Adoption of a token-based authentication model for the CMS Submission Infrastructure

TL;DR

The paper addresses the CMS Submission Infrastructure's reliance on GSI/X.509 for authentication and documents a transition to token-based authentication using IDTokens and Scitokens within HTCondor-enabled resources. It details the deployment across internal components, HTCondor-CEs, and ARC-CEs, including REST interface adoption and CMS IAM-driven token provisioning, alongside enhancements in secret management with Teigi. The results show successful migration of internal components by Spring 2022 and broader adoption of Scitokens for HTCondor-CEs by January 2023, with LDAP-ARC-CE submission deprecated and a plan to complete the GSI phase-out, improve resilience, and perform security drills.
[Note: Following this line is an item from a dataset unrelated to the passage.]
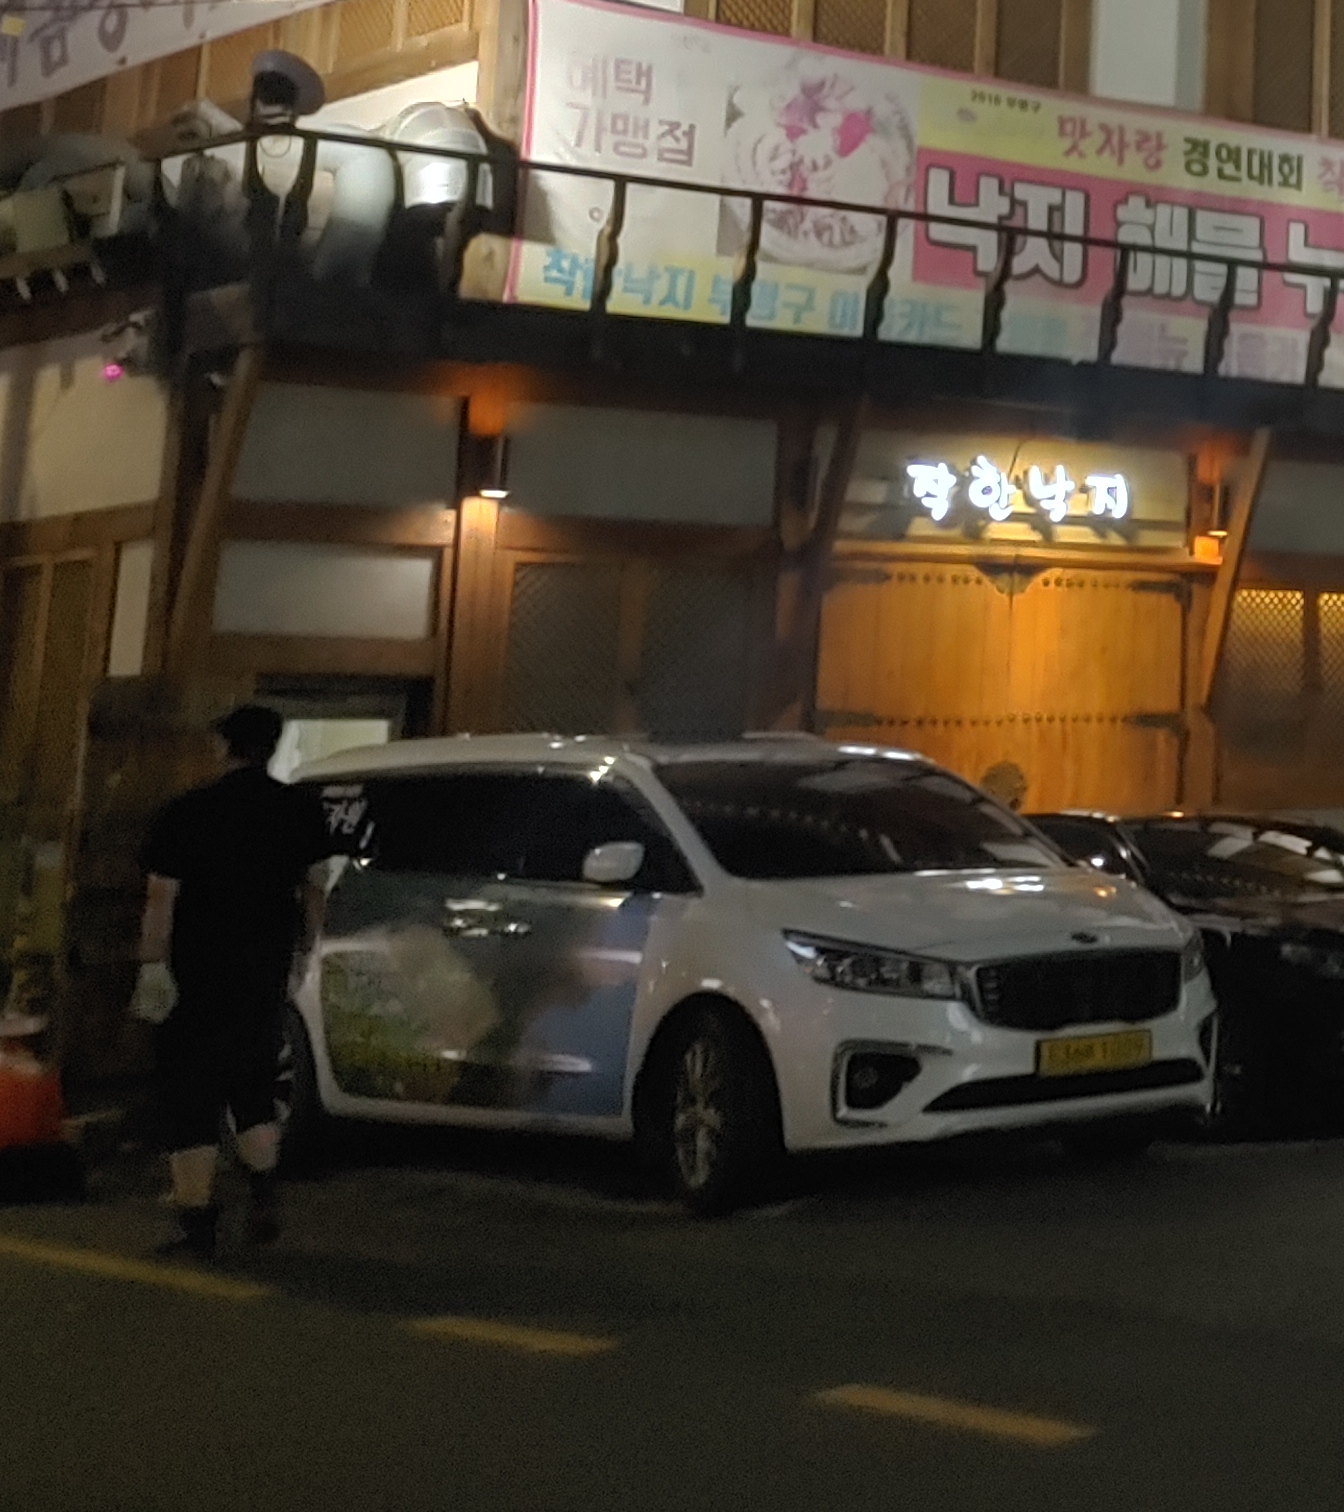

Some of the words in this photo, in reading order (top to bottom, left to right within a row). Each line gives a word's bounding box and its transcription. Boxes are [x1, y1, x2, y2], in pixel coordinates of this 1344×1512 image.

The work significantly modernizes authentication for distributed CMS workloads, improving security, scalability, and operational integrity across WLCG resources.

Abstract

The CMS Submission Infrastructure (SI) is the main computing resource provisioning system for CMS workloads. A number of HTCondor pools are employed to manage this infrastructure, which aggregates geographically distributed resources from the WLCG and other providers. Historically, the model of authentication among the diverse components of this infrastructure has relied on the Grid Security Infrastructure (GSI), based on identities and X509 certificates. In contrast, commonly used modern authentication standards are based on capabilities and tokens. The WLCG has identified this trend and aims at a transparent replacement of GSI for all its workload management, data transfer and storage access operations, to be completed during the current LHC Run 3. As part of this effort, and within the context of CMS computing, the Submission Infrastructure group is in the process of phasing out the GSI part of its authentication layers, in favor of IDTokens and Scitokens. The use of tokens is already well integrated into the HTCondor Software Suite, which has allowed us to fully migrate the authentication between internal components of SI. Additionally, recent versions of the HTCondor-CE support tokens as well, enabling CMS resource requests to Grid sites employing this CE technology to be granted by means of token exchange. After a rollout campaign to sites, successfully completed by the third quarter of 2022, the totality of HTCondor CEs in use by CMS are already receiving Scitoken-based pilot jobs. On the ARC CE side, a parallel campaign was launched to foster the adoption of the REST interface at CMS sites (required to enable token-based job submission via HTCondor-G), which is nearing completion as well. In this contribution, the newly adopted authentication model will be described. We will then report on the migration status and final steps towards complete GSI phase out in the CMS SI.
Paper Structure (2 sections, 3 figures)

This paper contains 2 sections, 3 figures.

Figures (3)

  • Figure 1: GlideinWMS and HTCondor components building a dynamically sized pool of compute resources.
  • Figure 2: The CMS Global Pool components, and where tokens are used for authentication as described in section \ref{['sec-Internal']}.
  • Figure 3: The use of Scitokens in GlideinWMS to access Grid sites. Tokens are fetched from the CMS IAM instance by the Frontend and then propagated to the Factory to authorize pilot submission to CEs.